Records from a collection =
***

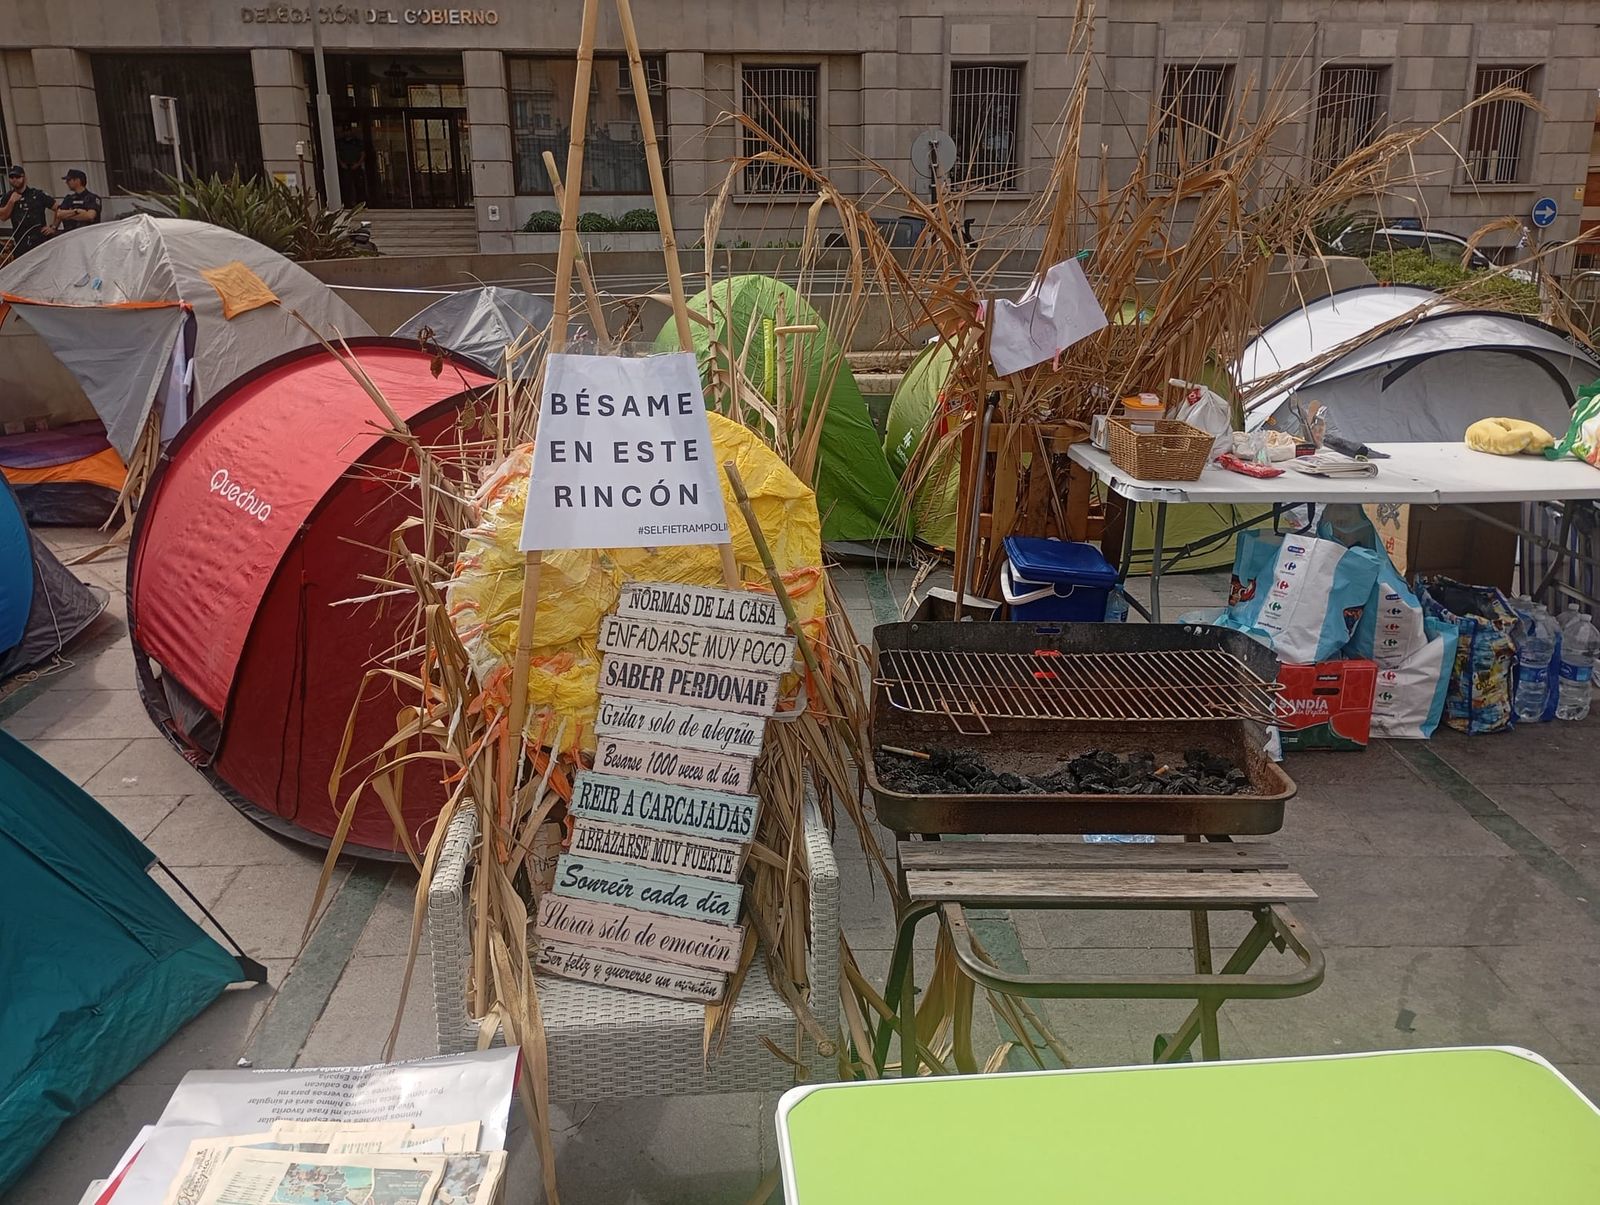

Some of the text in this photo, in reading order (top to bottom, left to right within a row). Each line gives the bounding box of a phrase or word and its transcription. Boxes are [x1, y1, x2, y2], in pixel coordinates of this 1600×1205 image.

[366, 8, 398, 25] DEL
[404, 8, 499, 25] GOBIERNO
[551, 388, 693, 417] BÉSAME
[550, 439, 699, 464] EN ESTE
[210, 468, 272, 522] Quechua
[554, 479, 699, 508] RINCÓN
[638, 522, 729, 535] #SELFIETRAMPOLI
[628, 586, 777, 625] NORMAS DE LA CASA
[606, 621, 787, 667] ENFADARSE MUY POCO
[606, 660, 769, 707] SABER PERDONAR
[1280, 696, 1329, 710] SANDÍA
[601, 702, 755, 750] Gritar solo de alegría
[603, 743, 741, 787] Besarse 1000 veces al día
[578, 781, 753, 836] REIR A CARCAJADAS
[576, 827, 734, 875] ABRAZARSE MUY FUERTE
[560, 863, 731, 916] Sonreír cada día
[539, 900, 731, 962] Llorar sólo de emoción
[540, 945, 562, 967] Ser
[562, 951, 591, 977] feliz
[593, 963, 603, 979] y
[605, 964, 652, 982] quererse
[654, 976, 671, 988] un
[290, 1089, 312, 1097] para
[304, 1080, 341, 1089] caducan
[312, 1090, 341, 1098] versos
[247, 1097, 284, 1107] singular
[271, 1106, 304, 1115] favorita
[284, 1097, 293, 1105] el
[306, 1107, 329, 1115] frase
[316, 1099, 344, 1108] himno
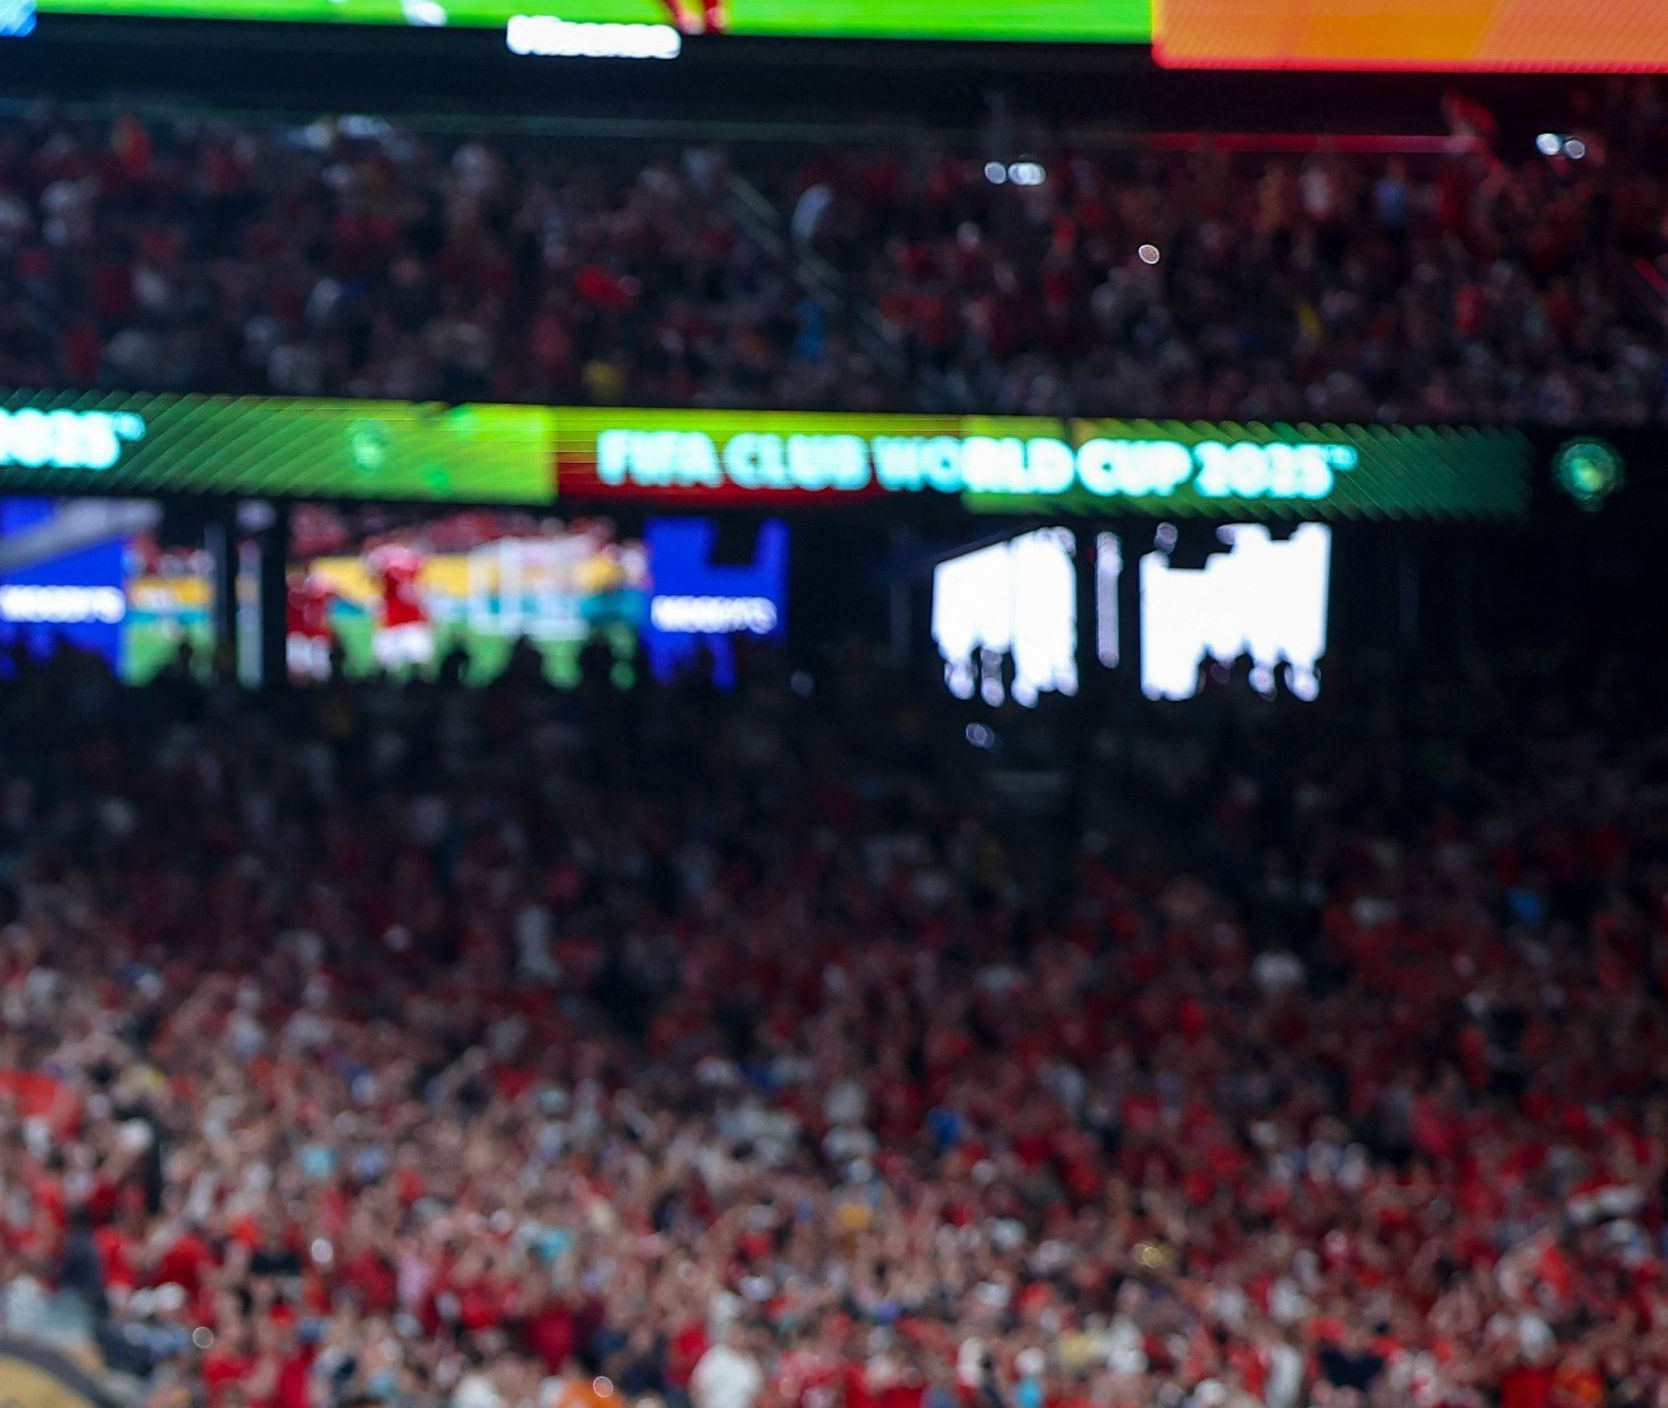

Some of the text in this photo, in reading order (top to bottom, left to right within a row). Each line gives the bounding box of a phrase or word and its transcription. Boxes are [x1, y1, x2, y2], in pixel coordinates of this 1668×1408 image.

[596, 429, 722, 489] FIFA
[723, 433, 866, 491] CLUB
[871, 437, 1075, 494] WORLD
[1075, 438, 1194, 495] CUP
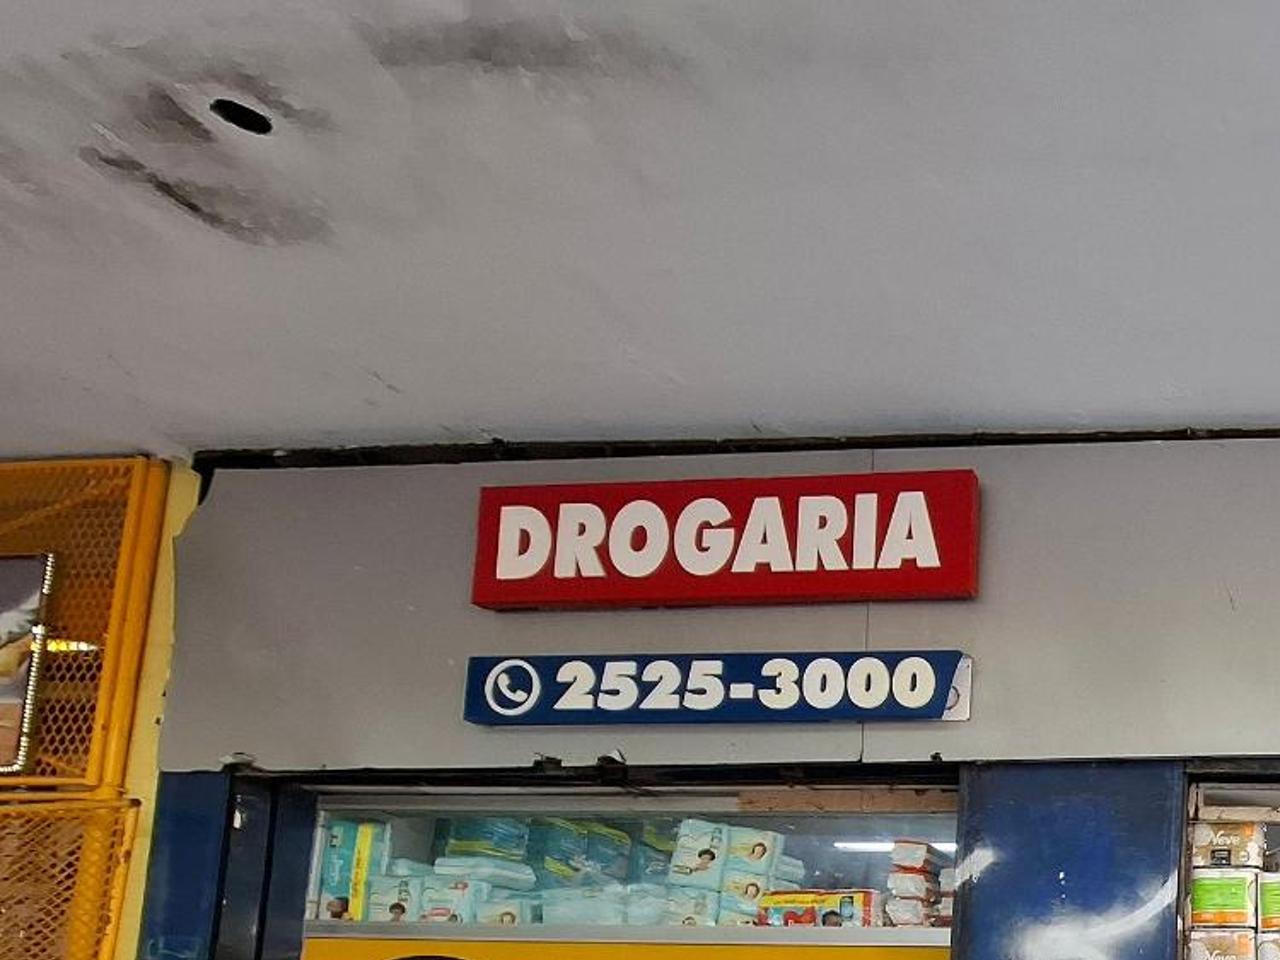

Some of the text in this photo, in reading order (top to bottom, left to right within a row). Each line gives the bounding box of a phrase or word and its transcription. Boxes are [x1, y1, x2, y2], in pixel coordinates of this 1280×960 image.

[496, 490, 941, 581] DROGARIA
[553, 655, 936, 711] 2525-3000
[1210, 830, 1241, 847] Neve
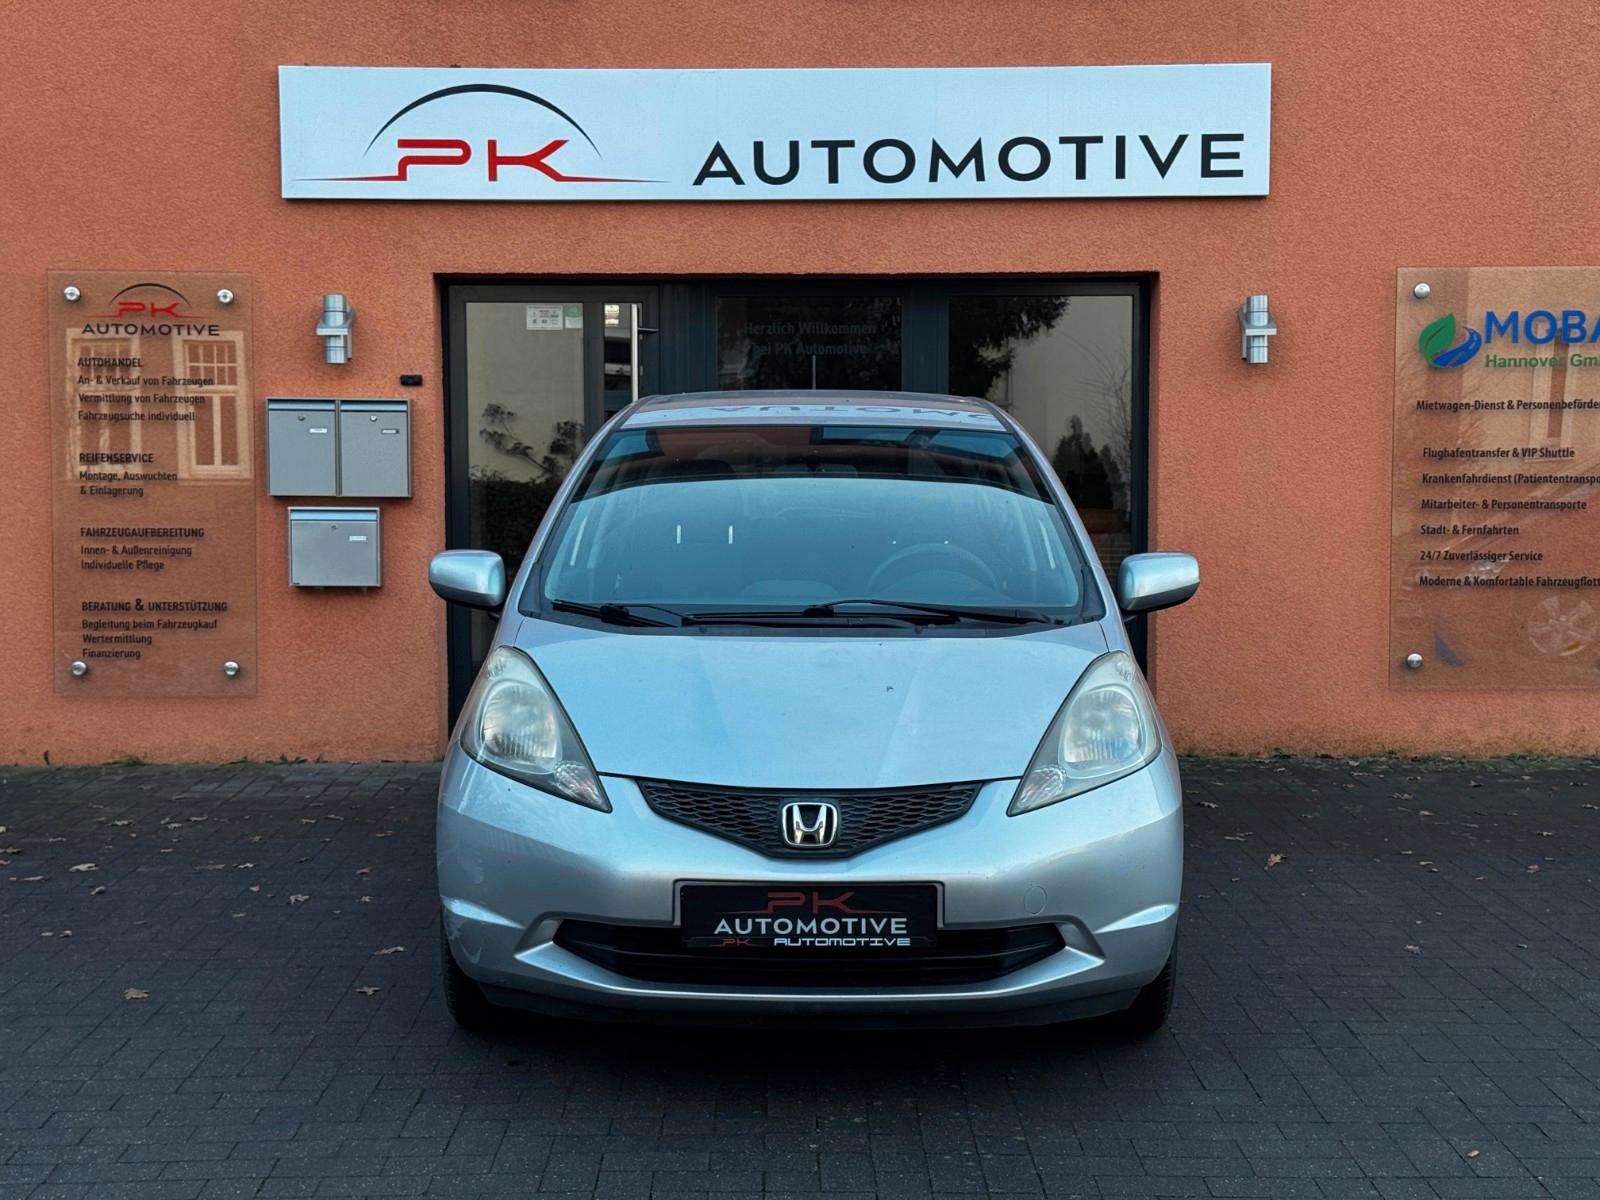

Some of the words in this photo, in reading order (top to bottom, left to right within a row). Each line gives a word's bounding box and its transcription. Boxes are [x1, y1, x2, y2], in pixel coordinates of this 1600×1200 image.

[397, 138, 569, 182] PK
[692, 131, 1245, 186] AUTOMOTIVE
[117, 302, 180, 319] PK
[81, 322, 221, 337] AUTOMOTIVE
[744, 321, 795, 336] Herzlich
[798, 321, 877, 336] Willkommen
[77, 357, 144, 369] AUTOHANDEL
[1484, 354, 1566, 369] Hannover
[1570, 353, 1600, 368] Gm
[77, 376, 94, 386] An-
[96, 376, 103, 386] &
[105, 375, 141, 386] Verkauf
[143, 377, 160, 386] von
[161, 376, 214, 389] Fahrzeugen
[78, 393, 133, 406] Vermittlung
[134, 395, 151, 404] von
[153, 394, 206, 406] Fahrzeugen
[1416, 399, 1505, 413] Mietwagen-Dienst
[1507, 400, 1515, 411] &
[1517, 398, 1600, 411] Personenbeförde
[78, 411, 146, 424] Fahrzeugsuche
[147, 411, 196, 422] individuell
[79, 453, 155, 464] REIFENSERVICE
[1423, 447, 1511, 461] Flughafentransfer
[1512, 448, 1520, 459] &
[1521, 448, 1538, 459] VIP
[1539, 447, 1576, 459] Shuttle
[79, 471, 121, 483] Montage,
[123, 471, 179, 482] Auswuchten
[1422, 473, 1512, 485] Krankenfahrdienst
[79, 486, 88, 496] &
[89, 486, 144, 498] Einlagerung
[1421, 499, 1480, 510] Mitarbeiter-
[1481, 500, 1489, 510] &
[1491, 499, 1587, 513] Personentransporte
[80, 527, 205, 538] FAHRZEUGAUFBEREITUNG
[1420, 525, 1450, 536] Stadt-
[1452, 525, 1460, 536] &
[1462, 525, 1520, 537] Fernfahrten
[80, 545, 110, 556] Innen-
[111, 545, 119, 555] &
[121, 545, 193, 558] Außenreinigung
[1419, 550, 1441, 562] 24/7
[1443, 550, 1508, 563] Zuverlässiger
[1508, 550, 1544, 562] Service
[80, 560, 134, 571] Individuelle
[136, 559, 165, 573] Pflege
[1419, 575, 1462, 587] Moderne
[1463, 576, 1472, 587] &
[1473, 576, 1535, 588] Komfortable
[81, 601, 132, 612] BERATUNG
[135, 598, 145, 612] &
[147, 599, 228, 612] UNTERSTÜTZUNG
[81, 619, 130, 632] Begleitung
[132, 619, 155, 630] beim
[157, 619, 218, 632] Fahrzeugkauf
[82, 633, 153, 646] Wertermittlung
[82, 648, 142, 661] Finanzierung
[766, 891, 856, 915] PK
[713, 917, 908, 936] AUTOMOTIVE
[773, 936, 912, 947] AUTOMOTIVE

***

WORK TO COMPLETE =
Nothing but the lines from the one containing "Some of the words" through the end of the entries belongs in the answer; repeat them exactly.

RESPONSE TO THE EXERCISE =
Some of the words in this photo, in reading order (top to bottom, left to right within a row). Each line gives a word's bounding box and its transcription. Boxes are [x1, y1, x2, y2], in pixel coordinates of this 1600×1200 image.

[397, 138, 569, 182] PK
[692, 131, 1245, 186] AUTOMOTIVE
[117, 302, 180, 319] PK
[81, 322, 221, 337] AUTOMOTIVE
[744, 321, 795, 336] Herzlich
[798, 321, 877, 336] Willkommen
[77, 357, 144, 369] AUTOHANDEL
[1484, 354, 1566, 369] Hannover
[1570, 353, 1600, 368] Gm
[77, 376, 94, 386] An-
[96, 376, 103, 386] &
[105, 375, 141, 386] Verkauf
[143, 377, 160, 386] von
[161, 376, 214, 389] Fahrzeugen
[78, 393, 133, 406] Vermittlung
[134, 395, 151, 404] von
[153, 394, 206, 406] Fahrzeugen
[1416, 399, 1505, 413] Mietwagen-Dienst
[1507, 400, 1515, 411] &
[1517, 398, 1600, 411] Personenbeförde
[78, 411, 146, 424] Fahrzeugsuche
[147, 411, 196, 422] individuell
[79, 453, 155, 464] REIFENSERVICE
[1423, 447, 1511, 461] Flughafentransfer
[1512, 448, 1520, 459] &
[1521, 448, 1538, 459] VIP
[1539, 447, 1576, 459] Shuttle
[79, 471, 121, 483] Montage,
[123, 471, 179, 482] Auswuchten
[1422, 473, 1512, 485] Krankenfahrdienst
[79, 486, 88, 496] &
[89, 486, 144, 498] Einlagerung
[1421, 499, 1480, 510] Mitarbeiter-
[1481, 500, 1489, 510] &
[1491, 499, 1587, 513] Personentransporte
[80, 527, 205, 538] FAHRZEUGAUFBEREITUNG
[1420, 525, 1450, 536] Stadt-
[1452, 525, 1460, 536] &
[1462, 525, 1520, 537] Fernfahrten
[80, 545, 110, 556] Innen-
[111, 545, 119, 555] &
[121, 545, 193, 558] Außenreinigung
[1419, 550, 1441, 562] 24/7
[1443, 550, 1508, 563] Zuverlässiger
[1508, 550, 1544, 562] Service
[80, 560, 134, 571] Individuelle
[136, 559, 165, 573] Pflege
[1419, 575, 1462, 587] Moderne
[1463, 576, 1472, 587] &
[1473, 576, 1535, 588] Komfortable
[81, 601, 132, 612] BERATUNG
[135, 598, 145, 612] &
[147, 599, 228, 612] UNTERSTÜTZUNG
[81, 619, 130, 632] Begleitung
[132, 619, 155, 630] beim
[157, 619, 218, 632] Fahrzeugkauf
[82, 633, 153, 646] Wertermittlung
[82, 648, 142, 661] Finanzierung
[766, 891, 856, 915] PK
[713, 917, 908, 936] AUTOMOTIVE
[773, 936, 912, 947] AUTOMOTIVE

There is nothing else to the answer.